Copy the data that follows exactly, and include none of its images.

§ **SUPPLIED DATA**:
###
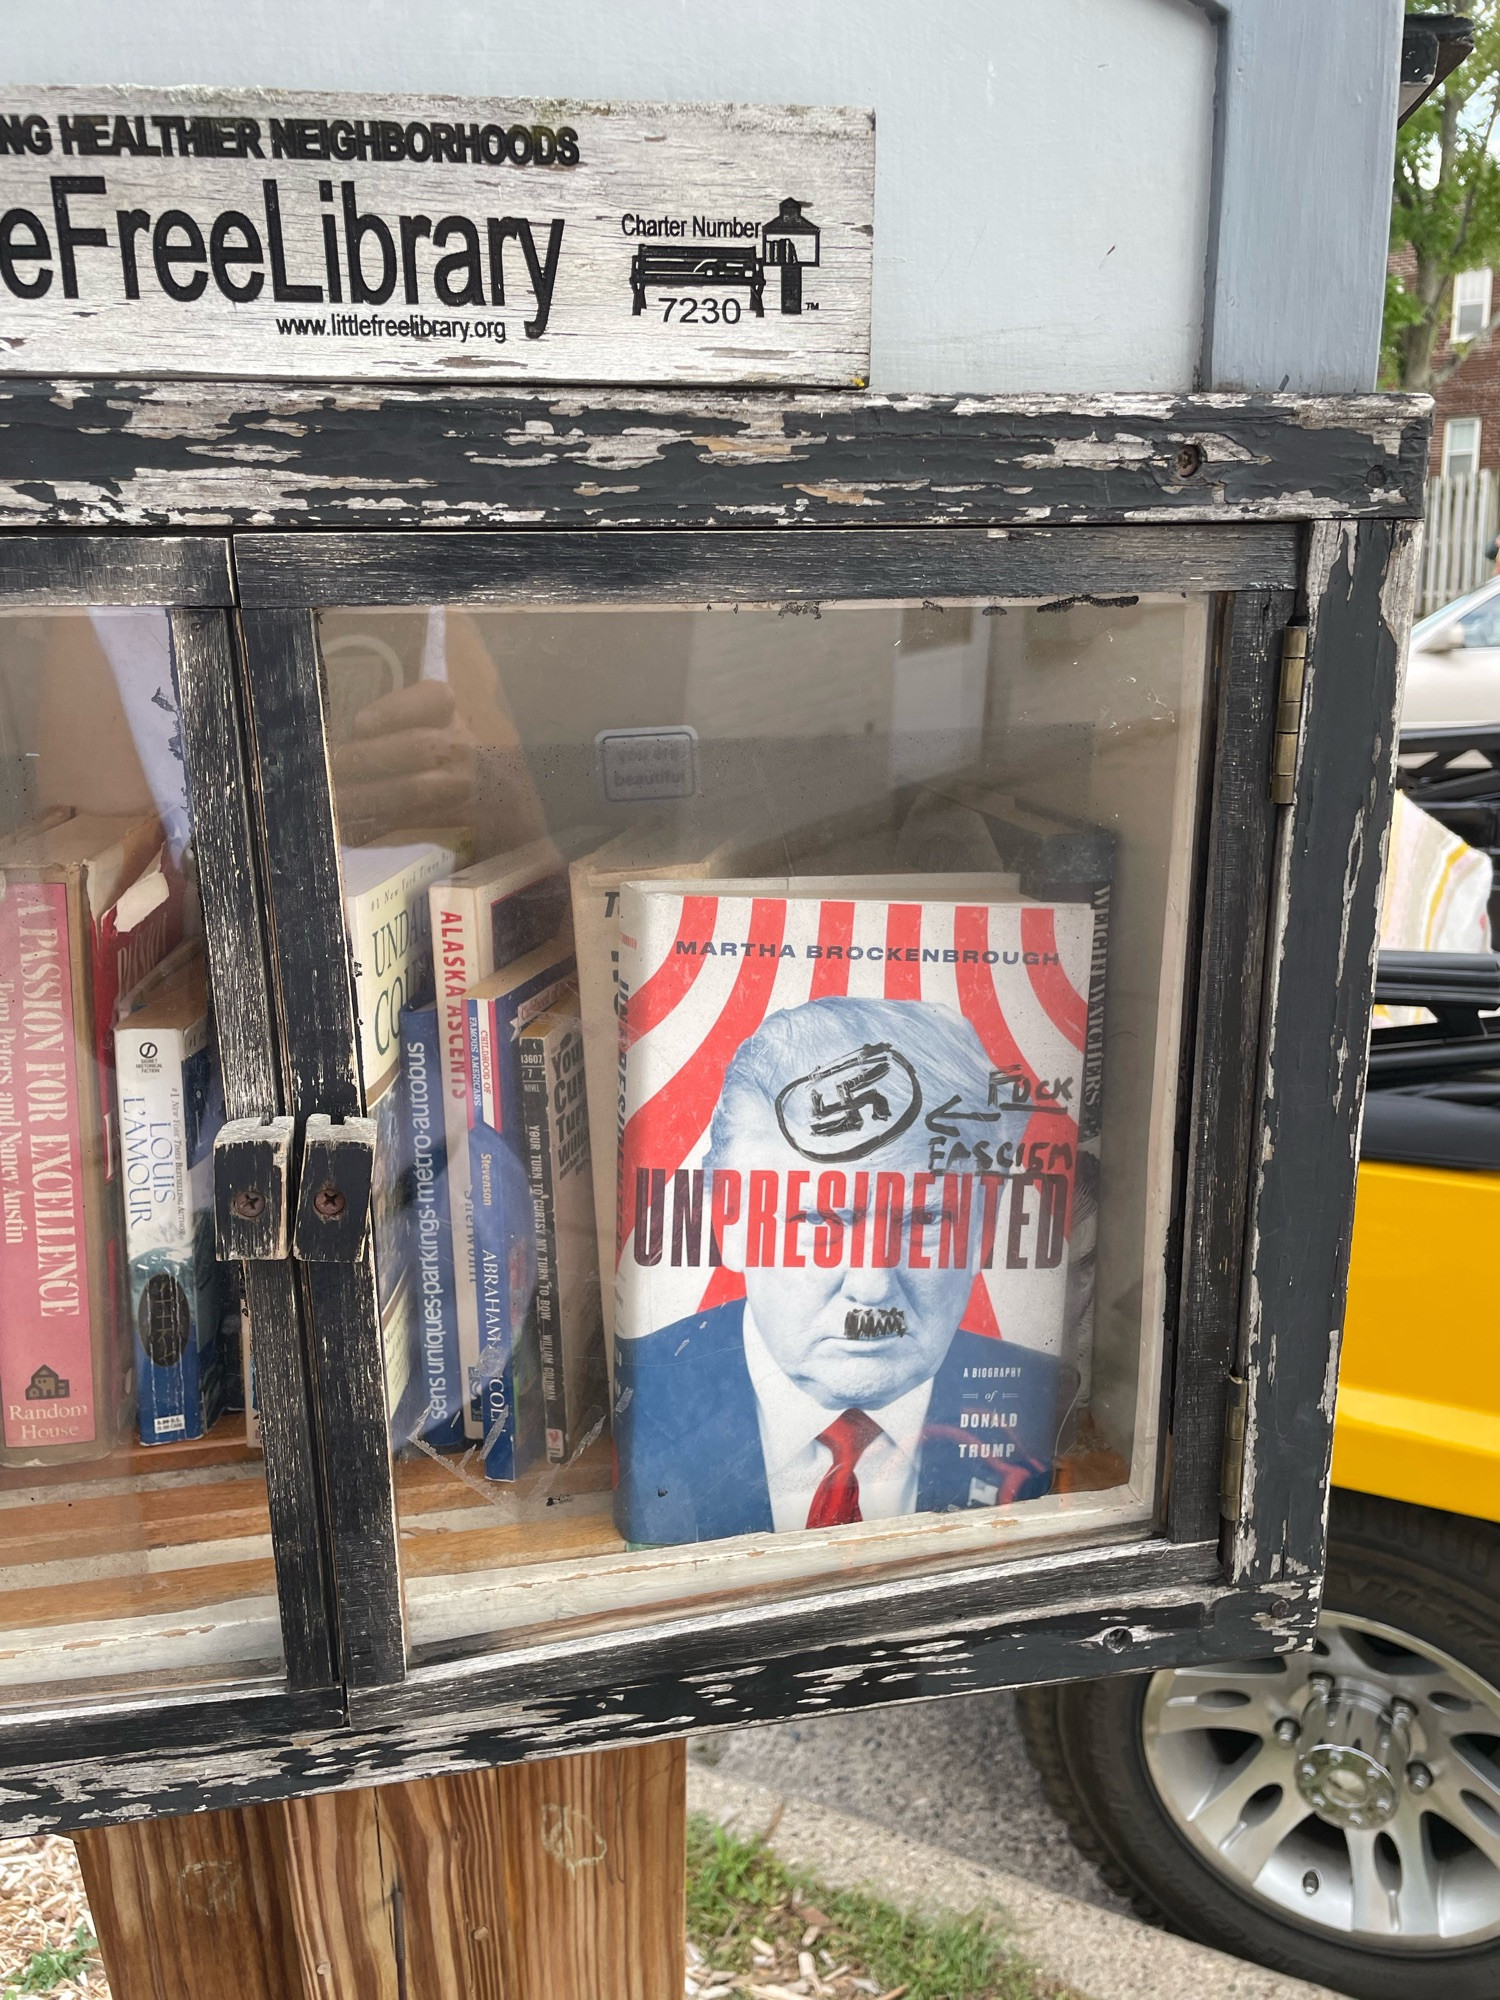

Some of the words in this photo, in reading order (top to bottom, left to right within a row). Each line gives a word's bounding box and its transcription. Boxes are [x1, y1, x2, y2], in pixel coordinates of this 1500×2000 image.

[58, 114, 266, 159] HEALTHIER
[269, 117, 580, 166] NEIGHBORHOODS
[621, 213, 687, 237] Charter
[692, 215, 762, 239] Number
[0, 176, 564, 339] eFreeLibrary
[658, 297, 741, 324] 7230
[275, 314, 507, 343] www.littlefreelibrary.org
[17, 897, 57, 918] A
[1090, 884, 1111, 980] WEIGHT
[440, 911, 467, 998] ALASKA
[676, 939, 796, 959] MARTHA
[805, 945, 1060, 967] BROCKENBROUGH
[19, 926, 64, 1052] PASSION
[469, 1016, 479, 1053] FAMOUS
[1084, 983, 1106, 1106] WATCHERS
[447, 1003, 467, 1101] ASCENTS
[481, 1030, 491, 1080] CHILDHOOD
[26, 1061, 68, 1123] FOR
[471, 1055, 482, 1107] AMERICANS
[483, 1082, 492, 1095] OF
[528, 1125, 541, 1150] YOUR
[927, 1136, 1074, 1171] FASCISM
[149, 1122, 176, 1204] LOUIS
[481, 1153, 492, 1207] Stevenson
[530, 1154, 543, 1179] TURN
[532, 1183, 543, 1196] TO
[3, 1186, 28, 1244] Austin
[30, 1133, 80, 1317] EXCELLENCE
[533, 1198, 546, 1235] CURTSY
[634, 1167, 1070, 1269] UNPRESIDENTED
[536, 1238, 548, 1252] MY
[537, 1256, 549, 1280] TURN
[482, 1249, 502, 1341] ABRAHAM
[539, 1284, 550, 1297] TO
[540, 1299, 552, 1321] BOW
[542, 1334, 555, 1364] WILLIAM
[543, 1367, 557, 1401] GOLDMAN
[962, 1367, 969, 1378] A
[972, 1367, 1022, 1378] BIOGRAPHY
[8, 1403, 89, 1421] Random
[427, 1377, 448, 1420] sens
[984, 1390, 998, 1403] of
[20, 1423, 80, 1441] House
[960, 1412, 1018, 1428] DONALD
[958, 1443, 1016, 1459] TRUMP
###
§ **ANSWER BOX**:
Some of the words in this photo, in reading order (top to bottom, left to right within a row). Each line gives a word's bounding box and its transcription. Boxes are [x1, y1, x2, y2], in pixel coordinates of this 1500×2000 image.

[58, 114, 266, 159] HEALTHIER
[269, 117, 580, 166] NEIGHBORHOODS
[621, 213, 687, 237] Charter
[692, 215, 762, 239] Number
[0, 176, 564, 339] eFreeLibrary
[658, 297, 741, 324] 7230
[275, 314, 507, 343] www.littlefreelibrary.org
[17, 897, 57, 918] A
[1090, 884, 1111, 980] WEIGHT
[440, 911, 467, 998] ALASKA
[676, 939, 796, 959] MARTHA
[805, 945, 1060, 967] BROCKENBROUGH
[19, 926, 64, 1052] PASSION
[469, 1016, 479, 1053] FAMOUS
[1084, 983, 1106, 1106] WATCHERS
[447, 1003, 467, 1101] ASCENTS
[481, 1030, 491, 1080] CHILDHOOD
[26, 1061, 68, 1123] FOR
[471, 1055, 482, 1107] AMERICANS
[483, 1082, 492, 1095] OF
[528, 1125, 541, 1150] YOUR
[927, 1136, 1074, 1171] FASCISM
[149, 1122, 176, 1204] LOUIS
[481, 1153, 492, 1207] Stevenson
[530, 1154, 543, 1179] TURN
[532, 1183, 543, 1196] TO
[3, 1186, 28, 1244] Austin
[30, 1133, 80, 1317] EXCELLENCE
[533, 1198, 546, 1235] CURTSY
[634, 1167, 1070, 1269] UNPRESIDENTED
[536, 1238, 548, 1252] MY
[537, 1256, 549, 1280] TURN
[482, 1249, 502, 1341] ABRAHAM
[539, 1284, 550, 1297] TO
[540, 1299, 552, 1321] BOW
[542, 1334, 555, 1364] WILLIAM
[543, 1367, 557, 1401] GOLDMAN
[962, 1367, 969, 1378] A
[972, 1367, 1022, 1378] BIOGRAPHY
[8, 1403, 89, 1421] Random
[427, 1377, 448, 1420] sens
[984, 1390, 998, 1403] of
[20, 1423, 80, 1441] House
[960, 1412, 1018, 1428] DONALD
[958, 1443, 1016, 1459] TRUMP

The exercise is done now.